■ **Task description**:
Write out the data again exactly, skipping every picture.

■ **Given records**:
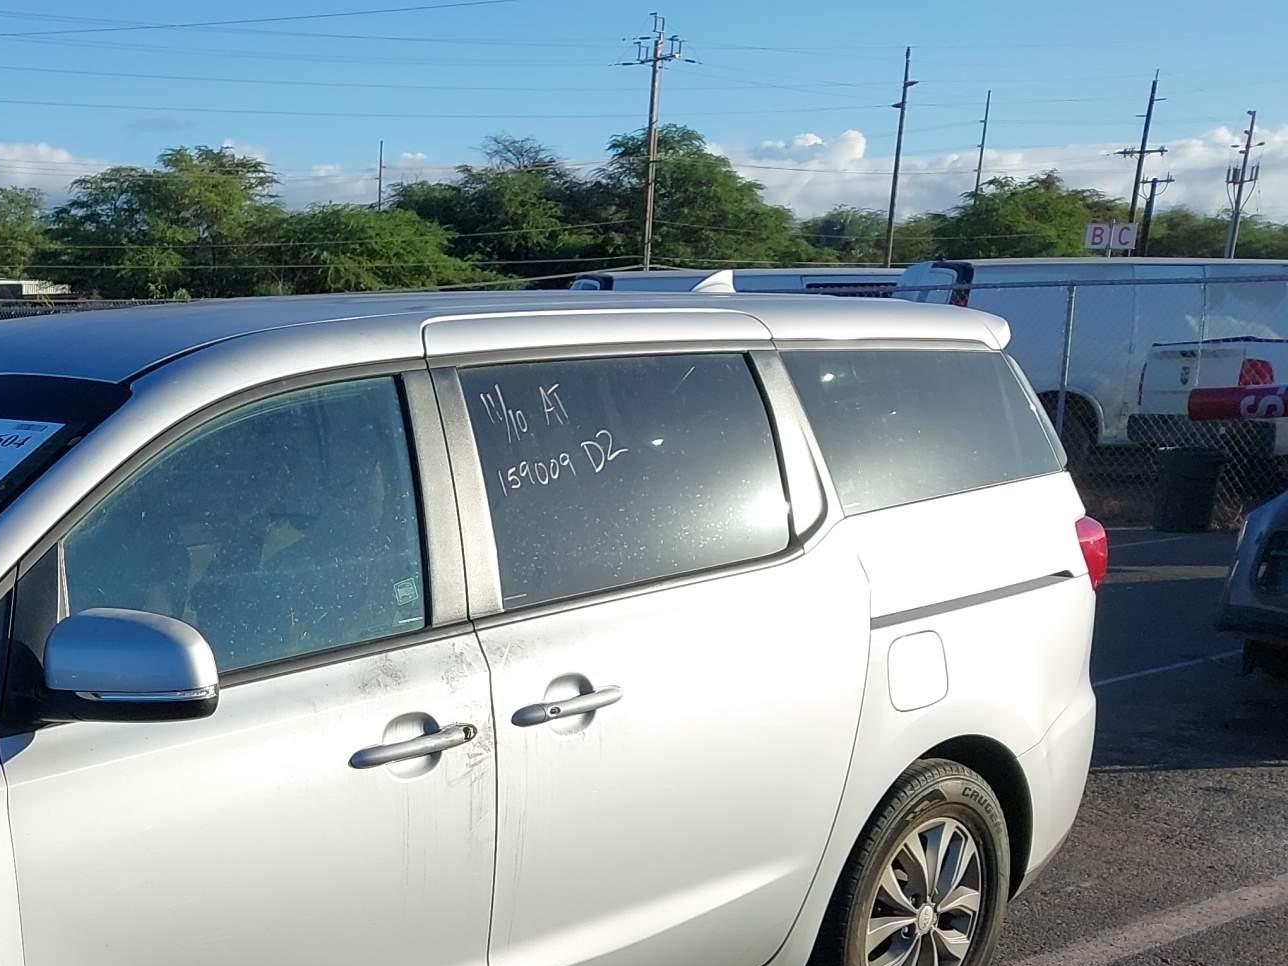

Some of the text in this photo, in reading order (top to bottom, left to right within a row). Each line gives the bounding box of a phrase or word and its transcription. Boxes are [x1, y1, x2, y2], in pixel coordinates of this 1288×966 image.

[1091, 226, 1105, 246] B
[1118, 226, 1131, 246] C
[479, 383, 569, 444] 11/10 AT
[497, 429, 630, 497] 159009 D2

■ **Solution below**:
Some of the text in this photo, in reading order (top to bottom, left to right within a row). Each line gives the bounding box of a phrase or word and its transcription. Boxes are [x1, y1, x2, y2], in pixel coordinates of this 1288×966 image.

[1091, 226, 1105, 246] B
[1118, 226, 1131, 246] C
[479, 383, 569, 444] 11/10 AT
[497, 429, 630, 497] 159009 D2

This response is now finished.